[Saved data entries]
-- Opening Marker --

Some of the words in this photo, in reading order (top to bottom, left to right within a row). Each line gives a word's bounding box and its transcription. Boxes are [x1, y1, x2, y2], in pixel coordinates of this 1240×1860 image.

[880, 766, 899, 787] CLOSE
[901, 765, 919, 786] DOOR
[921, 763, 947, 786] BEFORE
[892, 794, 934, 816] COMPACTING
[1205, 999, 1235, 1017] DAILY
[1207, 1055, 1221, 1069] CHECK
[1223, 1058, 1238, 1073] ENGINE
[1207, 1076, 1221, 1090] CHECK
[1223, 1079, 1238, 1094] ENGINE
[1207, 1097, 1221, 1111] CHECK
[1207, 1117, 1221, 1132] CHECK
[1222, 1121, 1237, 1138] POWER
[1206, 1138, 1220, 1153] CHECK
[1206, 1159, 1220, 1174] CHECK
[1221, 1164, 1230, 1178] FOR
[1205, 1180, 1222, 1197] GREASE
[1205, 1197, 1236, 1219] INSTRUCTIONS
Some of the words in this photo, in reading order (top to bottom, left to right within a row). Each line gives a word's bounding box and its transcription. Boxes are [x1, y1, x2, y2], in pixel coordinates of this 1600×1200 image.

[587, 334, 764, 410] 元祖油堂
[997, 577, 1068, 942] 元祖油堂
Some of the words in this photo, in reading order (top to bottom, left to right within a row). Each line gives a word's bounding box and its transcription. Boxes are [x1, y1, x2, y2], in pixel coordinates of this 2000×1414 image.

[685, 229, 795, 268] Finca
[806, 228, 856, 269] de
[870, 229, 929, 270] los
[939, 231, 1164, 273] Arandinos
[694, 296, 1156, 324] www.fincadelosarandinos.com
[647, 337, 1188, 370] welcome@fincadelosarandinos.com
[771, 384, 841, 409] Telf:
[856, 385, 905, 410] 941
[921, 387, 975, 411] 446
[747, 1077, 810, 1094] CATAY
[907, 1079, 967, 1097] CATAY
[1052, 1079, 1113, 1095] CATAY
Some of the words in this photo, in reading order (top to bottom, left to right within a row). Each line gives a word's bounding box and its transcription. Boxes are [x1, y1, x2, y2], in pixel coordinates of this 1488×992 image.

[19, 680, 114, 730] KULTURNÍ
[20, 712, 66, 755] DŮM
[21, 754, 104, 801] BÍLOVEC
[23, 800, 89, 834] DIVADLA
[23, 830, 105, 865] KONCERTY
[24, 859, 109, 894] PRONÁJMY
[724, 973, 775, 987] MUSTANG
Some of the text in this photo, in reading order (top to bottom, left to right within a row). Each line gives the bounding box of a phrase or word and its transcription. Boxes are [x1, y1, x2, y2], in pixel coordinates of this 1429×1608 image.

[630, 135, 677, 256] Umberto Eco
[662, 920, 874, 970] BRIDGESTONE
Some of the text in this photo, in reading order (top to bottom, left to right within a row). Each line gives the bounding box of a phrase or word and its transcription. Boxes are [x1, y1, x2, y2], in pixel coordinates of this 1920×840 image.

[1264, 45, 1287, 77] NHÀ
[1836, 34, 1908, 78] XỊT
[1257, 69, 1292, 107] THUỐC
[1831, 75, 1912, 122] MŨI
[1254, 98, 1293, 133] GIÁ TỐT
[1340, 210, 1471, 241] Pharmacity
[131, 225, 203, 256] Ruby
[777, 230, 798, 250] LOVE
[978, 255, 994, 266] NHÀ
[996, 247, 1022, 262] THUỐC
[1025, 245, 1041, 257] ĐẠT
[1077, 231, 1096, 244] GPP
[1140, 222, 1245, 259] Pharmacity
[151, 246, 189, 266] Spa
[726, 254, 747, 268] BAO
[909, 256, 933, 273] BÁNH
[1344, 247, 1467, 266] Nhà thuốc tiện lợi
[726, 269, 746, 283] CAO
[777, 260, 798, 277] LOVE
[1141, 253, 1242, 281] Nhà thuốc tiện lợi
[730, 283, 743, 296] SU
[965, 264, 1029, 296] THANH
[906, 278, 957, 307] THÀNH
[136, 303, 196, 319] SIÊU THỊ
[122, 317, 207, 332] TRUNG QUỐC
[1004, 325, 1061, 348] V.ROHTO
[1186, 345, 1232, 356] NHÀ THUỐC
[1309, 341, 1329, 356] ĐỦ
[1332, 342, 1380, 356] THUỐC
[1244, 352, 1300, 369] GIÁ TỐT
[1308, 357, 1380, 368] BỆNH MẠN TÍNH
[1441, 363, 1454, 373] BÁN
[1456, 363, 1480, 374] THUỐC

-- Closing Marker --

_What is required_.
A precise copy of all the records is needed.

_Solution for this exercise_.
Some of the words in this photo, in reading order (top to bottom, left to right within a row). Each line gives a word's bounding box and its transcription. Boxes are [x1, y1, x2, y2], in pixel coordinates of this 1240×1860 image.

[880, 766, 899, 787] CLOSE
[901, 765, 919, 786] DOOR
[921, 763, 947, 786] BEFORE
[892, 794, 934, 816] COMPACTING
[1205, 999, 1235, 1017] DAILY
[1207, 1055, 1221, 1069] CHECK
[1223, 1058, 1238, 1073] ENGINE
[1207, 1076, 1221, 1090] CHECK
[1223, 1079, 1238, 1094] ENGINE
[1207, 1097, 1221, 1111] CHECK
[1207, 1117, 1221, 1132] CHECK
[1222, 1121, 1237, 1138] POWER
[1206, 1138, 1220, 1153] CHECK
[1206, 1159, 1220, 1174] CHECK
[1221, 1164, 1230, 1178] FOR
[1205, 1180, 1222, 1197] GREASE
[1205, 1197, 1236, 1219] INSTRUCTIONS
Some of the words in this photo, in reading order (top to bottom, left to right within a row). Each line gives a word's bounding box and its transcription. Boxes are [x1, y1, x2, y2], in pixel coordinates of this 1600×1200 image.

[587, 334, 764, 410] 元祖油堂
[997, 577, 1068, 942] 元祖油堂
Some of the words in this photo, in reading order (top to bottom, left to right within a row). Each line gives a word's bounding box and its transcription. Boxes are [x1, y1, x2, y2], in pixel coordinates of this 2000×1414 image.

[685, 229, 795, 268] Finca
[806, 228, 856, 269] de
[870, 229, 929, 270] los
[939, 231, 1164, 273] Arandinos
[694, 296, 1156, 324] www.fincadelosarandinos.com
[647, 337, 1188, 370] welcome@fincadelosarandinos.com
[771, 384, 841, 409] Telf:
[856, 385, 905, 410] 941
[921, 387, 975, 411] 446
[747, 1077, 810, 1094] CATAY
[907, 1079, 967, 1097] CATAY
[1052, 1079, 1113, 1095] CATAY
Some of the words in this photo, in reading order (top to bottom, left to right within a row). Each line gives a word's bounding box and its transcription. Boxes are [x1, y1, x2, y2], in pixel coordinates of this 1488×992 image.

[19, 680, 114, 730] KULTURNÍ
[20, 712, 66, 755] DŮM
[21, 754, 104, 801] BÍLOVEC
[23, 800, 89, 834] DIVADLA
[23, 830, 105, 865] KONCERTY
[24, 859, 109, 894] PRONÁJMY
[724, 973, 775, 987] MUSTANG
Some of the text in this photo, in reading order (top to bottom, left to right within a row). Each line gives the bounding box of a phrase or word and its transcription. Boxes are [x1, y1, x2, y2], in pixel coordinates of this 1429×1608 image.

[630, 135, 677, 256] Umberto Eco
[662, 920, 874, 970] BRIDGESTONE
Some of the text in this photo, in reading order (top to bottom, left to right within a row). Each line gives the bounding box of a phrase or word and its transcription. Boxes are [x1, y1, x2, y2], in pixel coordinates of this 1920×840 image.

[1264, 45, 1287, 77] NHÀ
[1836, 34, 1908, 78] XỊT
[1257, 69, 1292, 107] THUỐC
[1831, 75, 1912, 122] MŨI
[1254, 98, 1293, 133] GIÁ TỐT
[1340, 210, 1471, 241] Pharmacity
[131, 225, 203, 256] Ruby
[777, 230, 798, 250] LOVE
[978, 255, 994, 266] NHÀ
[996, 247, 1022, 262] THUỐC
[1025, 245, 1041, 257] ĐẠT
[1077, 231, 1096, 244] GPP
[1140, 222, 1245, 259] Pharmacity
[151, 246, 189, 266] Spa
[726, 254, 747, 268] BAO
[909, 256, 933, 273] BÁNH
[1344, 247, 1467, 266] Nhà thuốc tiện lợi
[726, 269, 746, 283] CAO
[777, 260, 798, 277] LOVE
[1141, 253, 1242, 281] Nhà thuốc tiện lợi
[730, 283, 743, 296] SU
[965, 264, 1029, 296] THANH
[906, 278, 957, 307] THÀNH
[136, 303, 196, 319] SIÊU THỊ
[122, 317, 207, 332] TRUNG QUỐC
[1004, 325, 1061, 348] V.ROHTO
[1186, 345, 1232, 356] NHÀ THUỐC
[1309, 341, 1329, 356] ĐỦ
[1332, 342, 1380, 356] THUỐC
[1244, 352, 1300, 369] GIÁ TỐT
[1308, 357, 1380, 368] BỆNH MẠN TÍNH
[1441, 363, 1454, 373] BÁN
[1456, 363, 1480, 374] THUỐC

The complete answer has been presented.